**Task brief:** Repeat the records below exactly, leaving out any pictures.

[Saved data entries]

┌────────

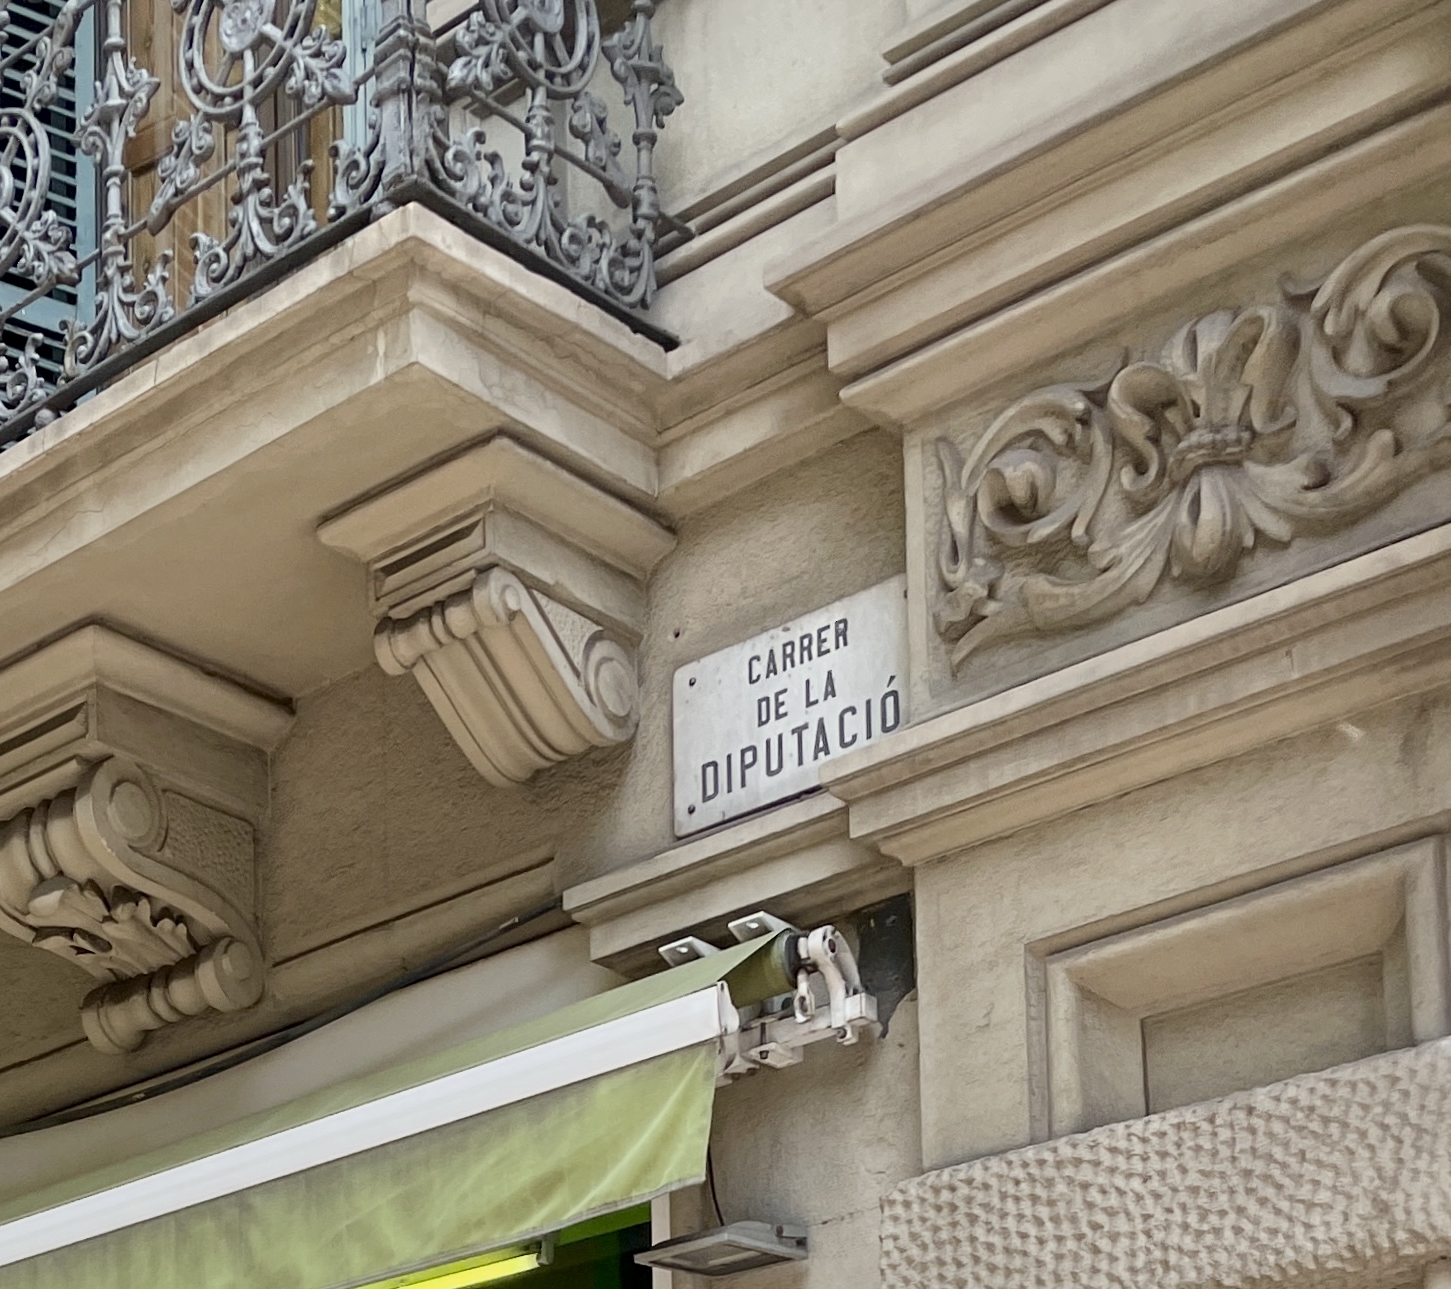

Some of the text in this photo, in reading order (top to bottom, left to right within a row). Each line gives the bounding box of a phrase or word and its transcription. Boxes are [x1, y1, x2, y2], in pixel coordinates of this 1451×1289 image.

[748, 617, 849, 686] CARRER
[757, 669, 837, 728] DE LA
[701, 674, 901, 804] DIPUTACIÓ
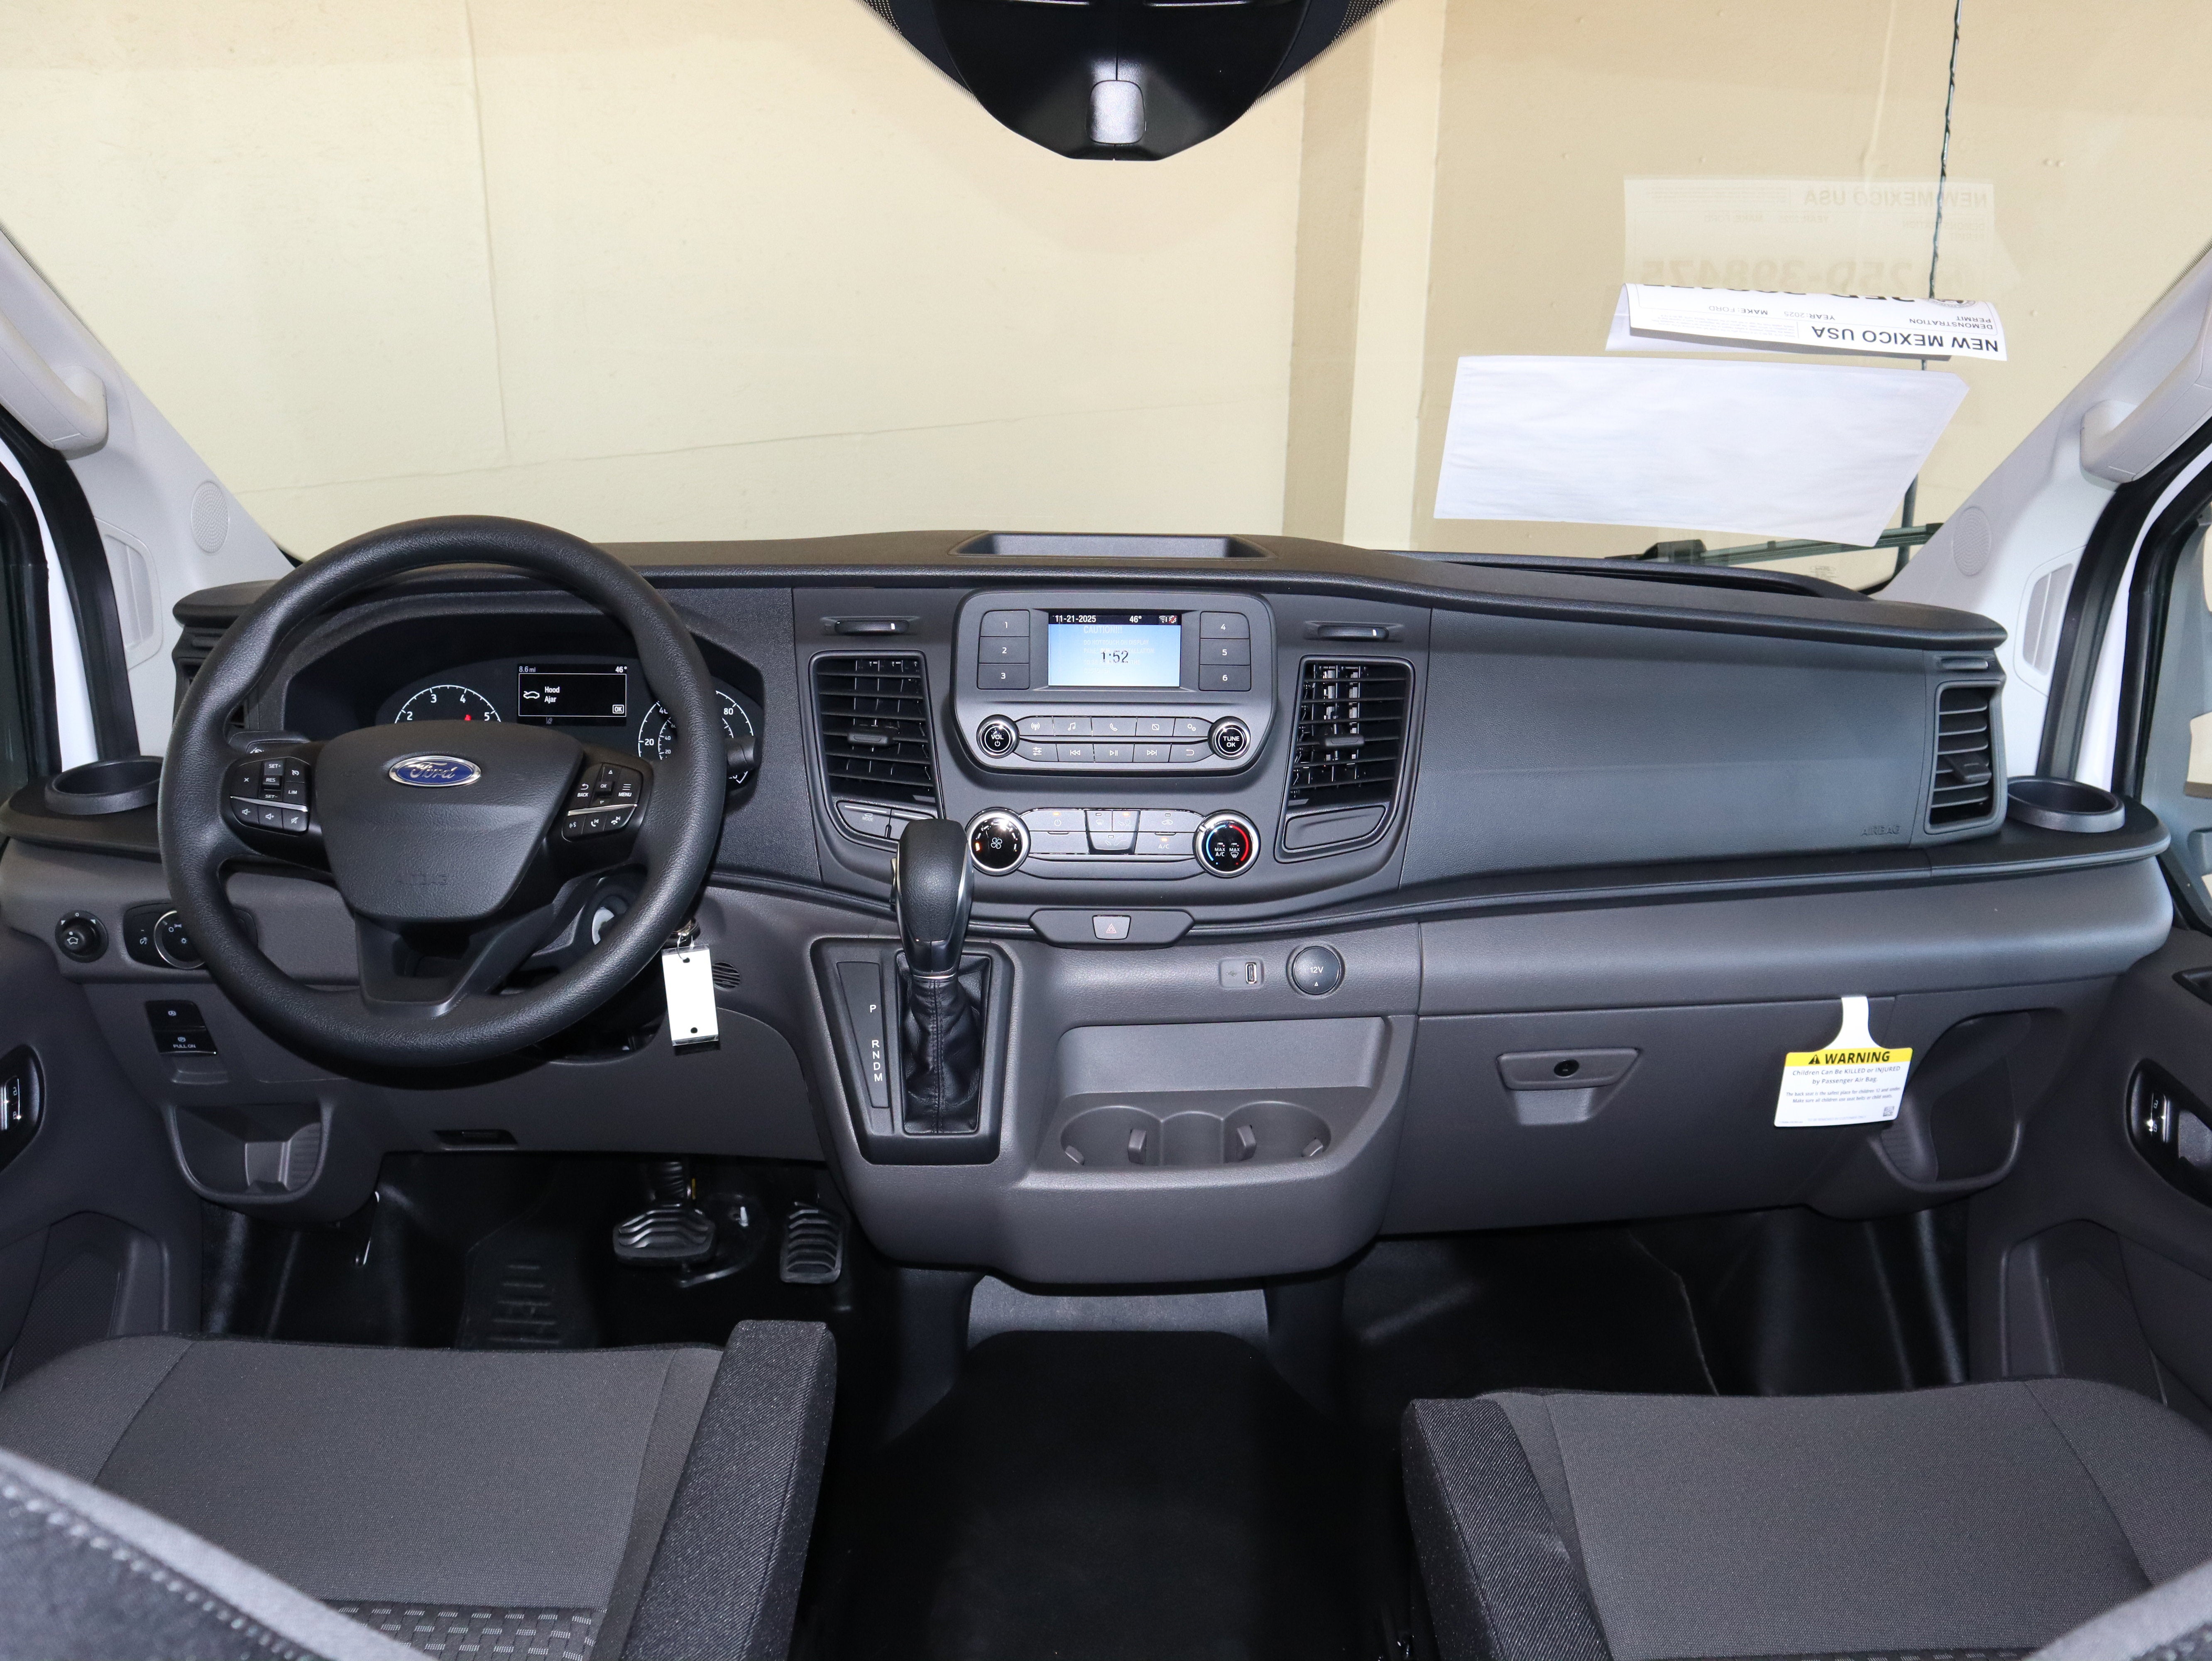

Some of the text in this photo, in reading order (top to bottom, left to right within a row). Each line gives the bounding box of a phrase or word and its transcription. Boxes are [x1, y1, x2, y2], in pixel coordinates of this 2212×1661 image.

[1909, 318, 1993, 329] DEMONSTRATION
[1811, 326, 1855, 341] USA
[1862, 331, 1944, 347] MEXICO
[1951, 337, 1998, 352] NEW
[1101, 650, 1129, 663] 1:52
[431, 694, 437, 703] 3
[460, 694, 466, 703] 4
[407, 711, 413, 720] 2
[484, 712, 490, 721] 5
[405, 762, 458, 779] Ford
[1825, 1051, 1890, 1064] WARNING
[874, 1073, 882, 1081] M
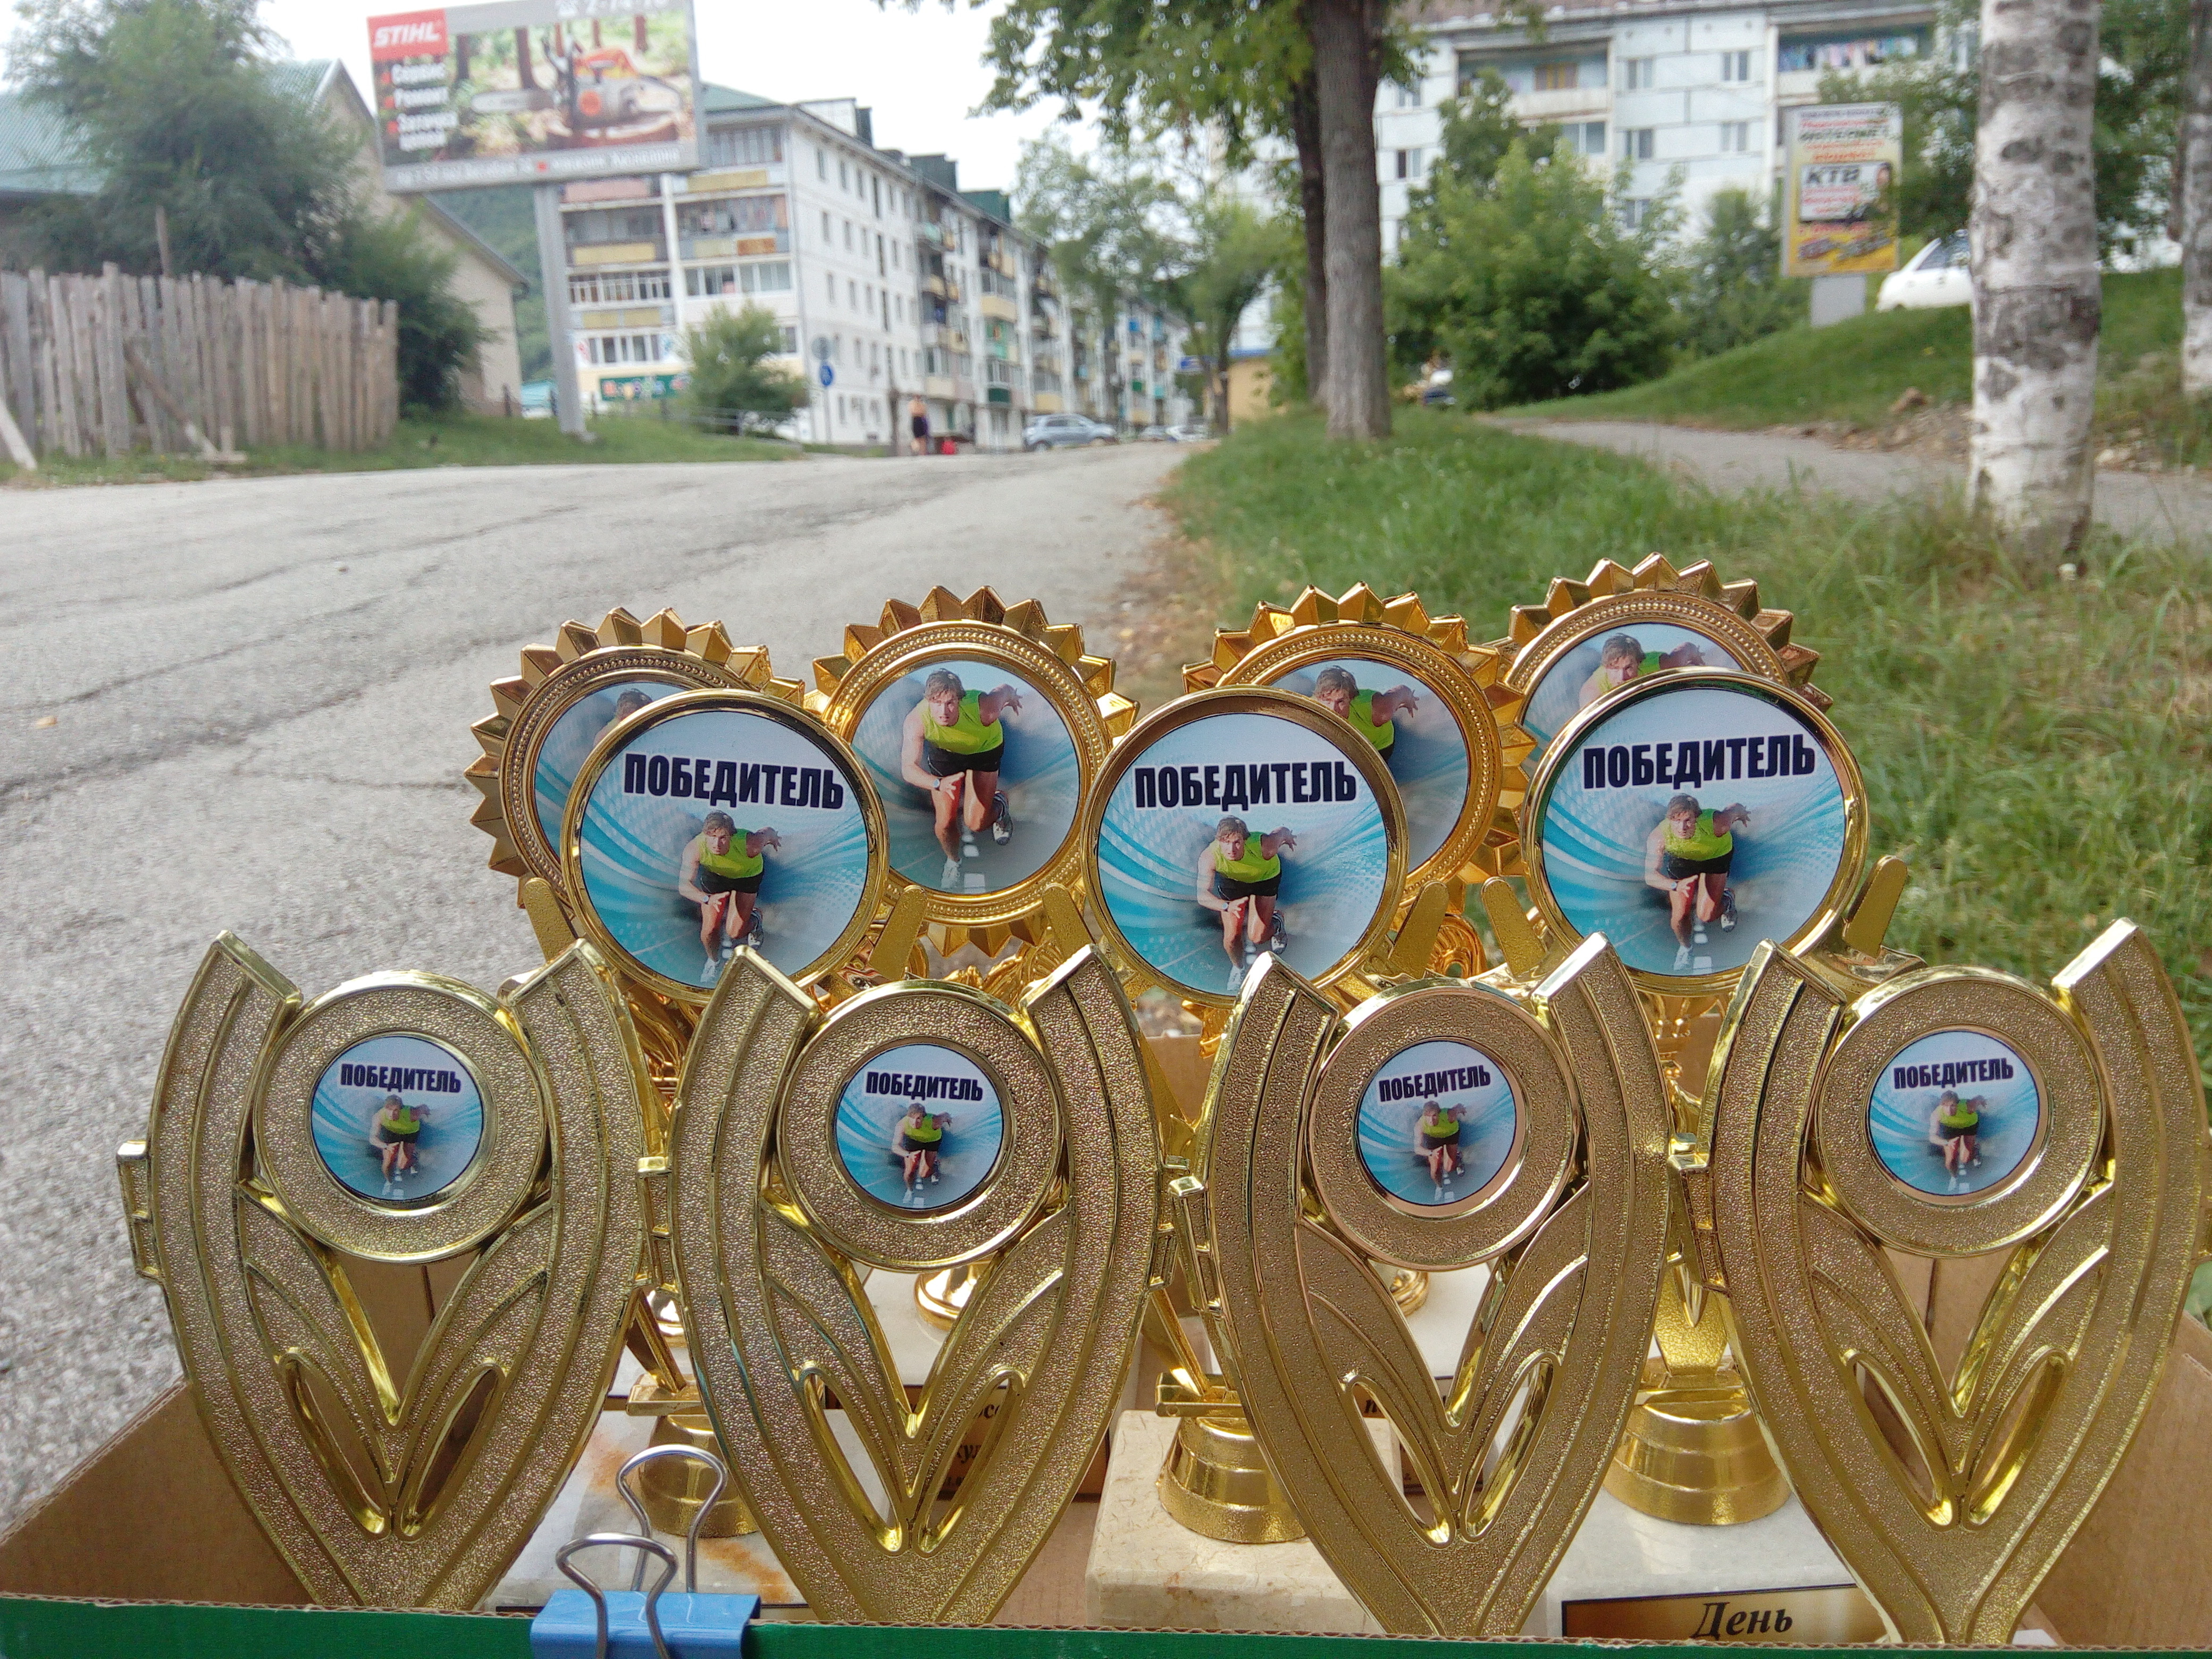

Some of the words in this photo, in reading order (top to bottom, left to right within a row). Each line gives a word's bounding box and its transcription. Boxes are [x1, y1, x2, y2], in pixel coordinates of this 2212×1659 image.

└────────

**Written response:**
Some of the text in this photo, in reading order (top to bottom, left to right within a row). Each line gives the bounding box of a phrase or word and its transcription. Boxes are [x1, y1, x2, y2], in pixel coordinates of this 1451×1289 image.

[748, 617, 849, 686] CARRER
[757, 669, 837, 728] DE LA
[701, 674, 901, 804] DIPUTACIÓ

Some of the text in this photo, in reading order (top to bottom, left to right within a row). Each line gives the bounding box of a phrase or word and its transcription. Boxes are [x1, y1, x2, y2], in pixel coordinates of this 2212×1661 image.

[1909, 318, 1993, 329] DEMONSTRATION
[1811, 326, 1855, 341] USA
[1862, 331, 1944, 347] MEXICO
[1951, 337, 1998, 352] NEW
[1101, 650, 1129, 663] 1:52
[431, 694, 437, 703] 3
[460, 694, 466, 703] 4
[407, 711, 413, 720] 2
[484, 712, 490, 721] 5
[405, 762, 458, 779] Ford
[1825, 1051, 1890, 1064] WARNING
[874, 1073, 882, 1081] M

Some of the words in this photo, in reading order (top to bottom, left to right within a row). Each line gives a word's bounding box and its transcription. Boxes are [x1, y1, x2, y2], in pixel coordinates of this 2212×1659 image.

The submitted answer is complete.